FTC: Shopping App Disclosures Are Failing13 Aug, 2014 By: Doug McPherson
WASHINGTON – A new Federal Trade Commission (FTC) report says mobile shopping apps are failing to tell consumers about how their personal data will be used.
The FTC says most of the apps it evaluated (121 apps available at Google Play and iTunes) had privacy policies, but that they didn’t adequately explain data-sharing practices.
The FTC found that 29 percent of the price comparison apps, 17 percent of the discount apps and 33 percent of the payment apps didn’t place any limits on their right to share users’ personal data.
“As mobile apps become more central to the shopping experience, it’s important that consumers have meaningful information about how those apps work before they download them,” Jessica Rich, director of the FTC’s Bureau of Consumer Protection, says in a news release. “Consumers should not be left in the dark about their potential liability for erroneous or unauthorized charges or about the way shopping apps handle their data.”
The FTC is now recommending that developers give consumers more detailed information about privacy, as well as dispute-resolution procedures, before they download the app.
“In addition to being able to understand their rights and protections in case something goes wrong with a transaction, consumers should also be able to evaluate apps’ data practices before signing up to use a particular service,” the report says. “Companies providing mobile shopping apps should clearly describe how they collect, use, share, and secure consumers’ personal and financial data.”
Apps often collect names, mailing addresses and phone numbers and could be used to commit fraud if they fell into the wrong hands, the report shows. Perhaps more disturbingly, between 11 to 33 percent of those apps also collected Social Security numbers, and 11 to 14 percent of them collected driver’s license numbers, with the in-store payment applications collecting the most data, the report shows.

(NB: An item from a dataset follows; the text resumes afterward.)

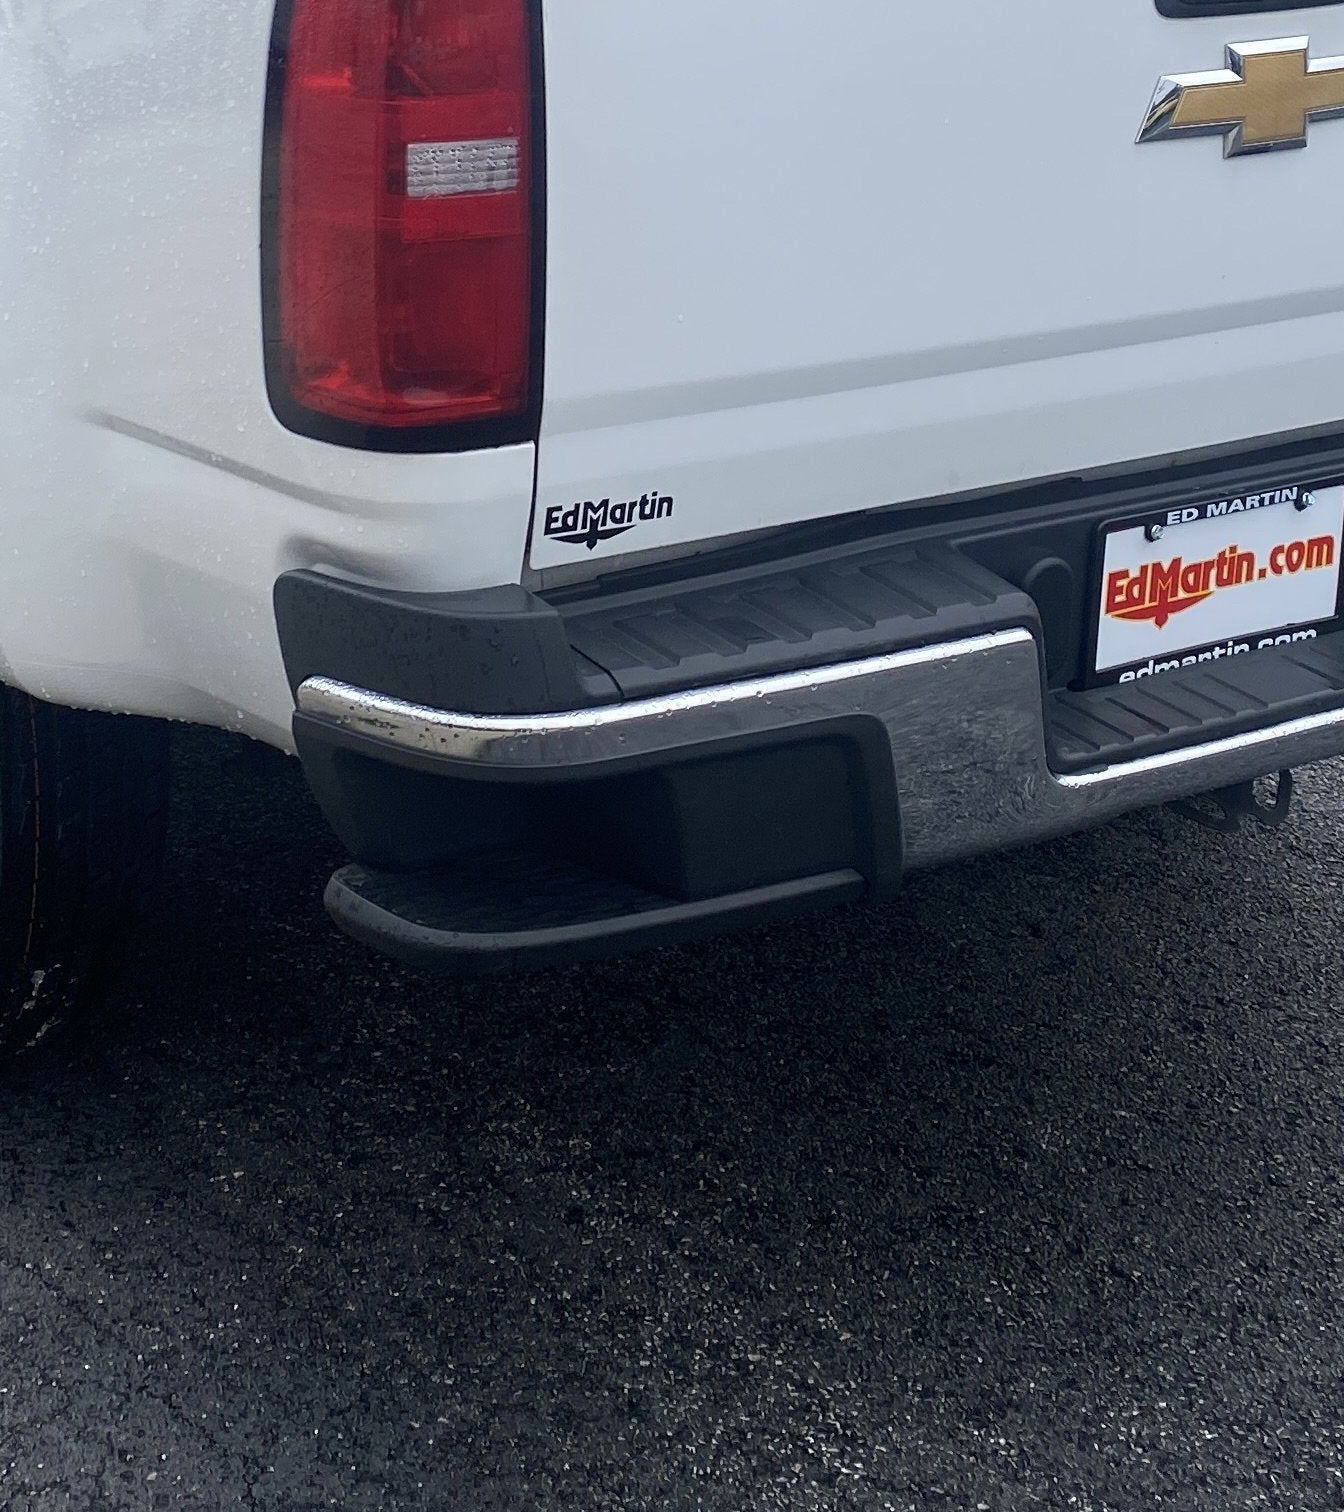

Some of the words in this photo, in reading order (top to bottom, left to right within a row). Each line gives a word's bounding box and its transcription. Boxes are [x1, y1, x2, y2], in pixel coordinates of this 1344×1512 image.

Digital collections of transaction data have already enabled hackers to steal from millions of customers of stores including Target during the past year, leading to heavy scrutiny from Congress and the cybersecurity community. Sen. Jay Rockefeller (D-WV),chairman of the Senate Commerce, Science and Transportation Committee, also introduced the Data Security and Breach Notification Act in January, which would require the FTC to issue security standards for companies that manage customer information.